- Supreme Court of the United States

Argued February 21, 2001 Decided June 28, 2001
- Full case name: Kestutis Zadvydas v. Christine G. Davis and Immigration and Naturalization Service, John D. Ashcroft, Attorney General, et al.
- Citations: 533 U.S. 678 (more) 121 S. Ct. 2491; 150 L. Ed. 2d 653
- Argument: Oral argument

Case history
- Prior: Zadvydas v. Caplinger, 986 F. Supp. 1011 (E.D. La. 1997), reversed sub nom. Zadvydas v. Underdown, 185 F.3d 279 (5th Cir. 1999); cert. granted, 531 U.S. 923 (2000); Phan v. Reno, 56 F. Supp. 2d 1149 (W.D. Wash. 1999); affirmed, Ma v. Reno, 208 F.3d 815 (9th Cir. 2000); cert. granted, 531 U.S. 924 (2000);
- Subsequent: Zadvydas v. Davis, 285 F.3d 398 (5th Cir. 2002); Ma v. Ashcroft, 257 F.3d 1095 (9th Cir. 2001);

Holding
- Detention of unremoveable admitted immigrants cannot exceed six months unless removal is in the foreseeable future or if there are other special circumstances.

Court membership
- Chief Justice William Rehnquist Associate Justices John P. Stevens · Sandra Day O'Connor Antonin Scalia · Anthony Kennedy David Souter · Clarence Thomas Ruth Bader Ginsburg · Stephen Breyer

Case opinions
- Majority: Breyer, joined by Stevens, O'Connor, Souter, Ginsburg
- Dissent: Scalia, joined by Thomas
- Dissent: Kennedy, joined by Rehnquist; Scalia, Thomas (Part I)

Laws applied
- U.S. Const. amend.
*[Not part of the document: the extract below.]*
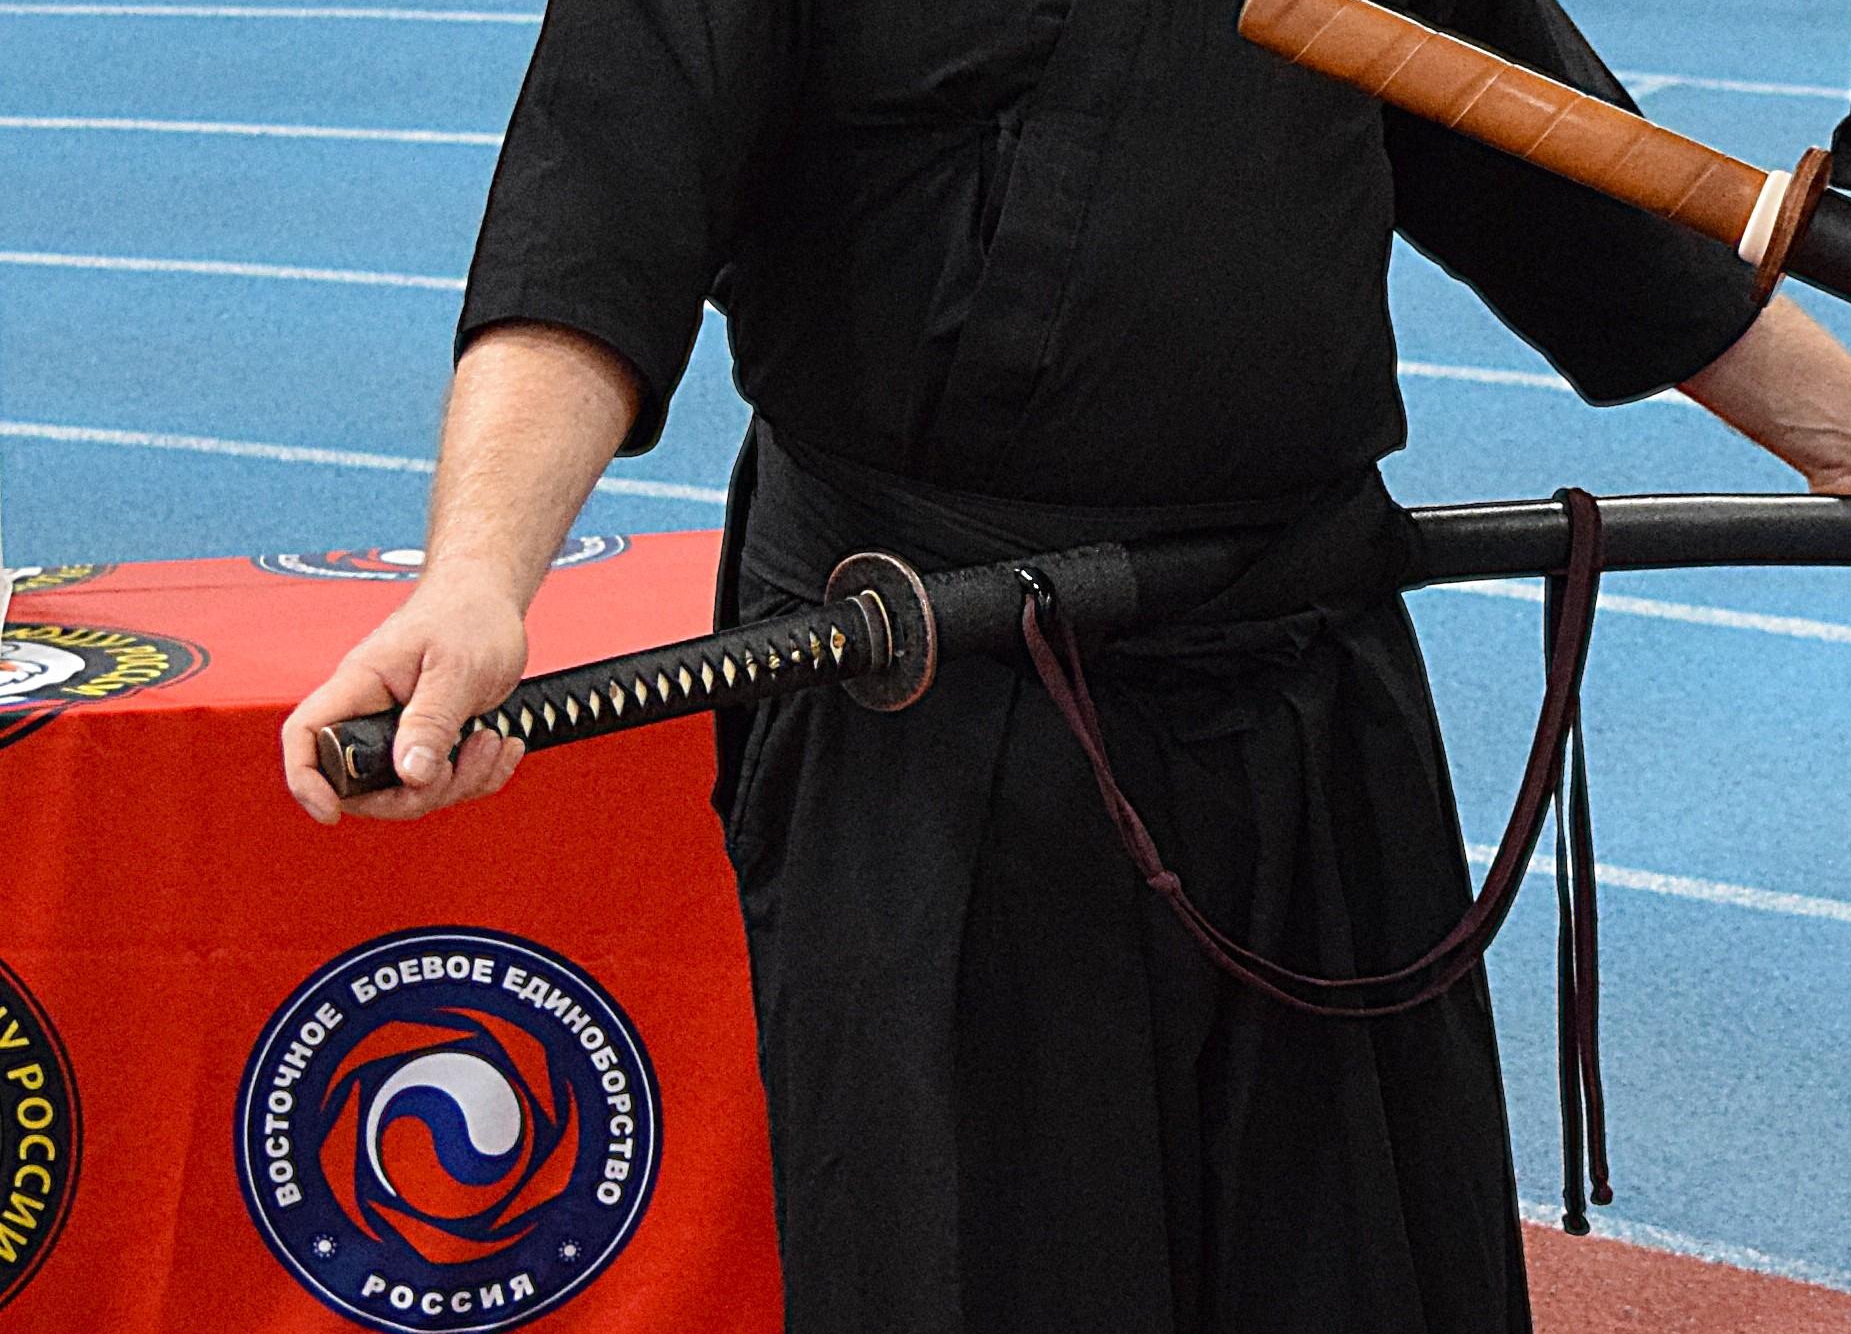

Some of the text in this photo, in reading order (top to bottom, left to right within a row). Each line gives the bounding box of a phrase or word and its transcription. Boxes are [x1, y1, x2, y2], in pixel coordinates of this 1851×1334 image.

V Illegal Immigration Reform and Immigrant Responsibility Act, 8 U.S.C. § 1231(a)(6),28 U.S.C. § 2241(c)(3)

= Zadvydas v. Davis =

Zadvydas v. Davis (/zædˈwiːdæs/ zad-WEE-das), 533 U.S. 678 (2001), was a case decided by the Supreme Court of the United States. The court ruled narrowly that section 241 of the Immigration and Nationality Act of 1952 contains an implicit time limitation and did not authorize indefinite detention of foreigners that no other country would accept.

==Background==

Controversy over the prolonged detention of foreigners pending deportation was ongoing for twenty years prior to the Zadvydas case. The initial litigation over this issue arose in connection with the detention of Cubans who committed crimes after being paroled into the United States during the Mariel boatlift. The case law of the United States courts of appeals was split. Some circuits ruled that these detentions were unjustified while other circuits upheld such detentions, citing Shaughnessy v. United States ex rel. Mezei (1953).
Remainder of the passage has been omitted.